▸ **Aim of the exercise**: Reproduce the listing below exactly. Pictures do not belong in the copy.

[[ Given data, beginning ]]

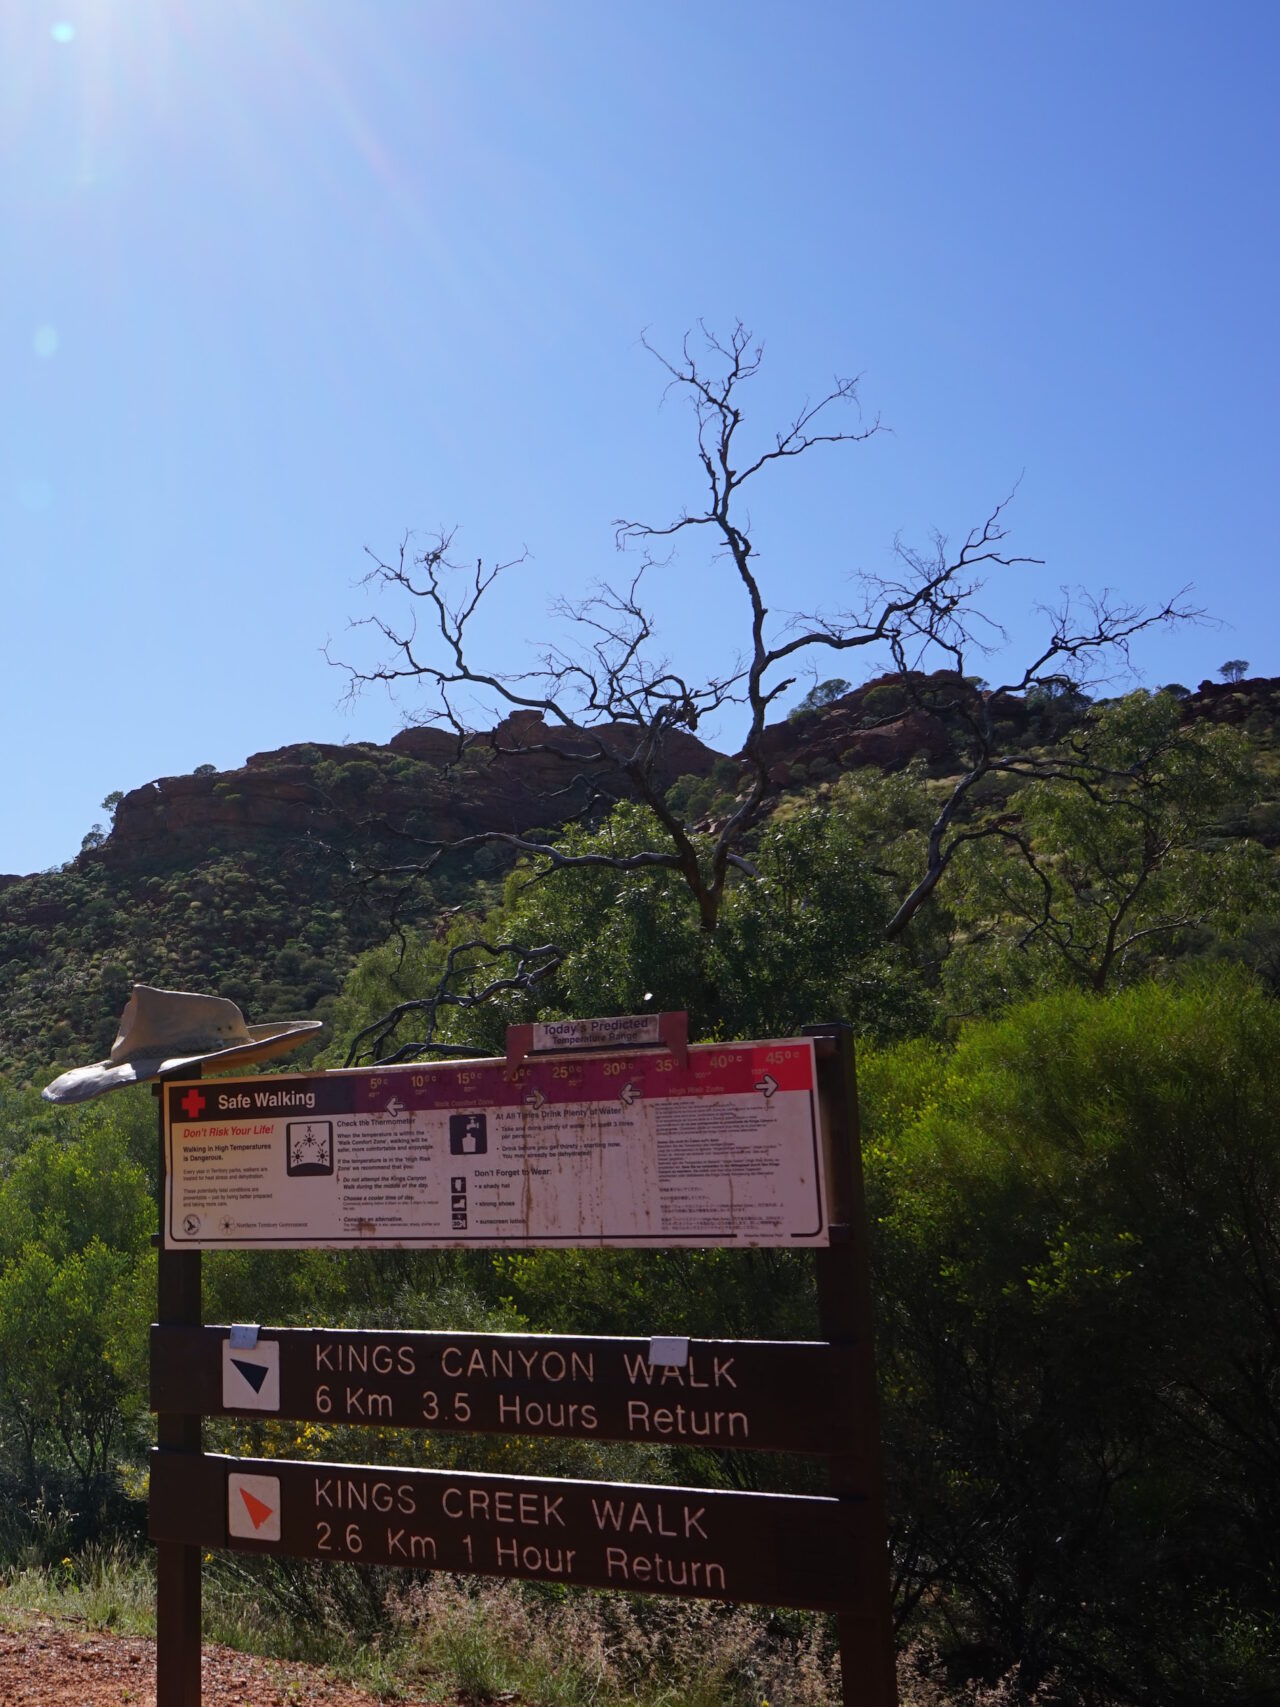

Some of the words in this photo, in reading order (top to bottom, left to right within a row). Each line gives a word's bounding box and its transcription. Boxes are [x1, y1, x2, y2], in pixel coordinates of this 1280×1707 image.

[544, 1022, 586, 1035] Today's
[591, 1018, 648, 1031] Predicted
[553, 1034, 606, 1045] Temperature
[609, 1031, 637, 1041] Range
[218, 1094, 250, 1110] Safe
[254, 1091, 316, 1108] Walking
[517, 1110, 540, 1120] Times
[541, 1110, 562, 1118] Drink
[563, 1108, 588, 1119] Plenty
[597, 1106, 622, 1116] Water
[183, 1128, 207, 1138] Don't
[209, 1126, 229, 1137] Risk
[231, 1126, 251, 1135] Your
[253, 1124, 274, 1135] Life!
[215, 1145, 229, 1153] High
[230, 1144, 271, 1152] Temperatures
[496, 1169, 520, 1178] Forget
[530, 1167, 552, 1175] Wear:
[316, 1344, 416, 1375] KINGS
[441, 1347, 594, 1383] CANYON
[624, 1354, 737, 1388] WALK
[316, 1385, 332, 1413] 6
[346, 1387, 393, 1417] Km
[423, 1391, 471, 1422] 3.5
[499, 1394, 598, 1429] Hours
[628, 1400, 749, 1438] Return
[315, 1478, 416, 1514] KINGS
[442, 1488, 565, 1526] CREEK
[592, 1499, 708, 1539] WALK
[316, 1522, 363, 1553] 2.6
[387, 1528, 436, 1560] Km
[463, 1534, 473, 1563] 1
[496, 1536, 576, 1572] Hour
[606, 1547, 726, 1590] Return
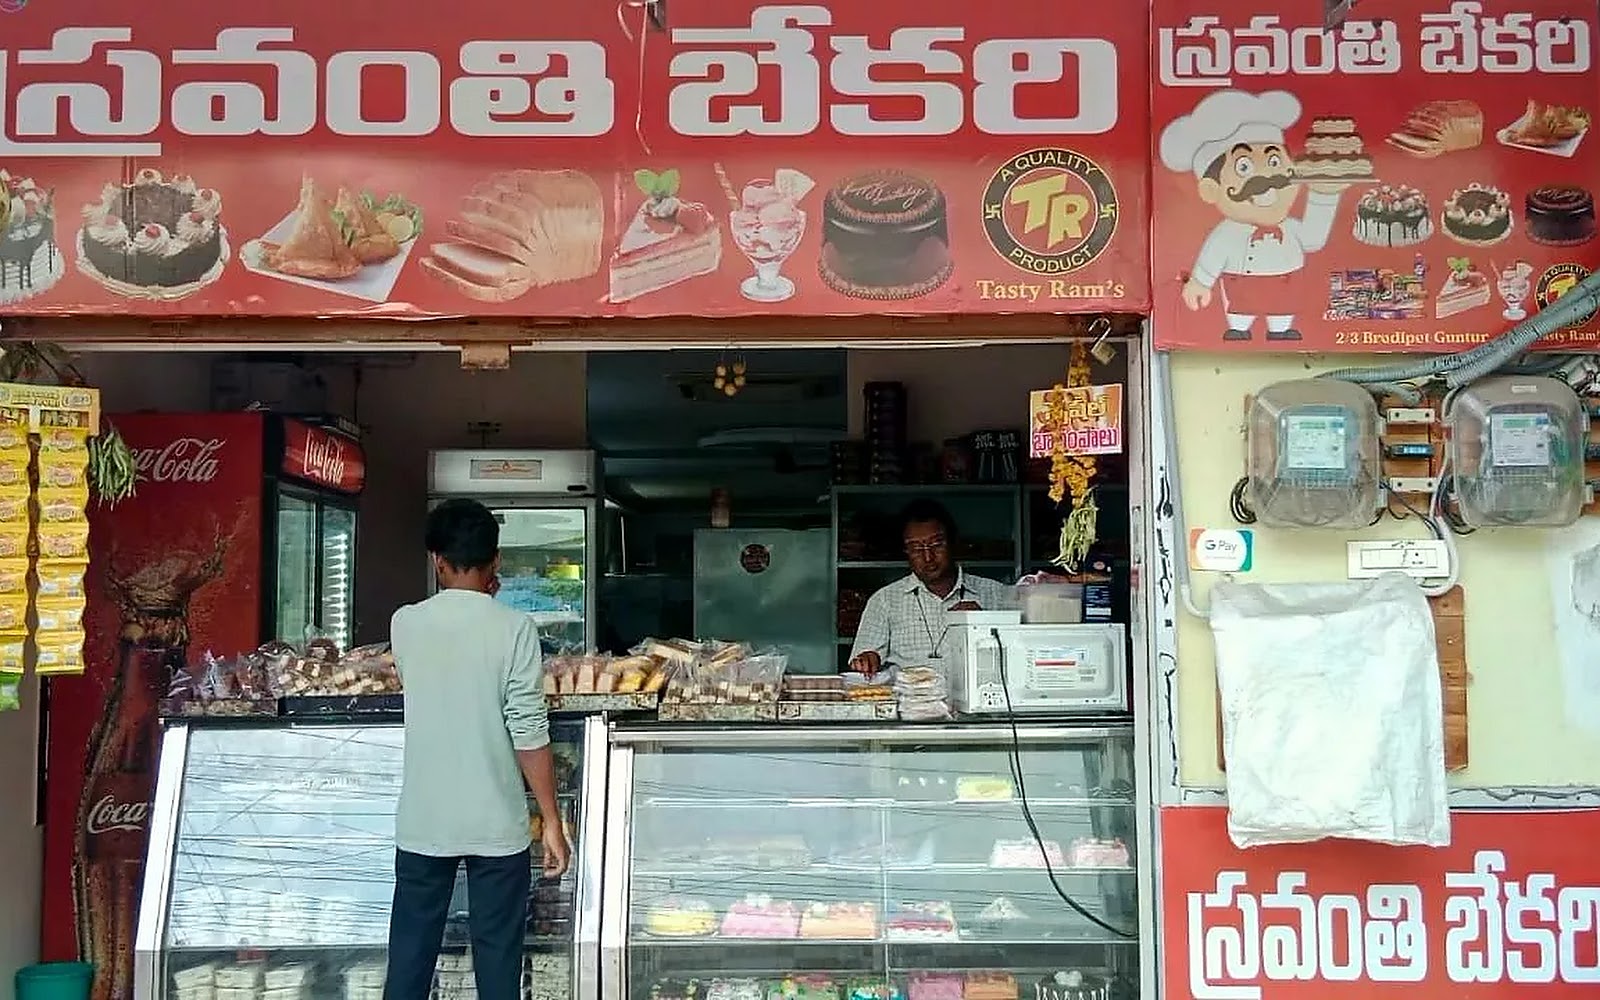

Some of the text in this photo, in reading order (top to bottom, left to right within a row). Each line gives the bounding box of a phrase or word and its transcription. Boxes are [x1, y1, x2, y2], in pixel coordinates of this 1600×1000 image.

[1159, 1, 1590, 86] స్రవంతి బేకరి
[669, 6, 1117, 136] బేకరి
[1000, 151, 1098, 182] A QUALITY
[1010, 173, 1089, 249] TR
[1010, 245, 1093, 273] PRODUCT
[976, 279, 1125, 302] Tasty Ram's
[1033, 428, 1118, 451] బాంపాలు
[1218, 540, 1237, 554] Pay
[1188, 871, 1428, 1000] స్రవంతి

[[ Given data, end ]]

▸ **Answer to this problem**:
Some of the words in this photo, in reading order (top to bottom, left to right within a row). Each line gives a word's bounding box and its transcription. Boxes are [x1, y1, x2, y2], in pixel coordinates of this 1280×1707 image.

[544, 1022, 586, 1035] Today's
[591, 1018, 648, 1031] Predicted
[553, 1034, 606, 1045] Temperature
[609, 1031, 637, 1041] Range
[218, 1094, 250, 1110] Safe
[254, 1091, 316, 1108] Walking
[517, 1110, 540, 1120] Times
[541, 1110, 562, 1118] Drink
[563, 1108, 588, 1119] Plenty
[597, 1106, 622, 1116] Water
[183, 1128, 207, 1138] Don't
[209, 1126, 229, 1137] Risk
[231, 1126, 251, 1135] Your
[253, 1124, 274, 1135] Life!
[215, 1145, 229, 1153] High
[230, 1144, 271, 1152] Temperatures
[496, 1169, 520, 1178] Forget
[530, 1167, 552, 1175] Wear:
[316, 1344, 416, 1375] KINGS
[441, 1347, 594, 1383] CANYON
[624, 1354, 737, 1388] WALK
[316, 1385, 332, 1413] 6
[346, 1387, 393, 1417] Km
[423, 1391, 471, 1422] 3.5
[499, 1394, 598, 1429] Hours
[628, 1400, 749, 1438] Return
[315, 1478, 416, 1514] KINGS
[442, 1488, 565, 1526] CREEK
[592, 1499, 708, 1539] WALK
[316, 1522, 363, 1553] 2.6
[387, 1528, 436, 1560] Km
[463, 1534, 473, 1563] 1
[496, 1536, 576, 1572] Hour
[606, 1547, 726, 1590] Return

Some of the text in this photo, in reading order (top to bottom, left to right within a row). Each line gives the bounding box of a phrase or word and its transcription. Boxes are [x1, y1, x2, y2], in pixel coordinates of this 1600×1000 image.

[1159, 1, 1590, 86] స్రవంతి బేకరి
[669, 6, 1117, 136] బేకరి
[1000, 151, 1098, 182] A QUALITY
[1010, 173, 1089, 249] TR
[1010, 245, 1093, 273] PRODUCT
[976, 279, 1125, 302] Tasty Ram's
[1033, 428, 1118, 451] బాంపాలు
[1218, 540, 1237, 554] Pay
[1188, 871, 1428, 1000] స్రవంతి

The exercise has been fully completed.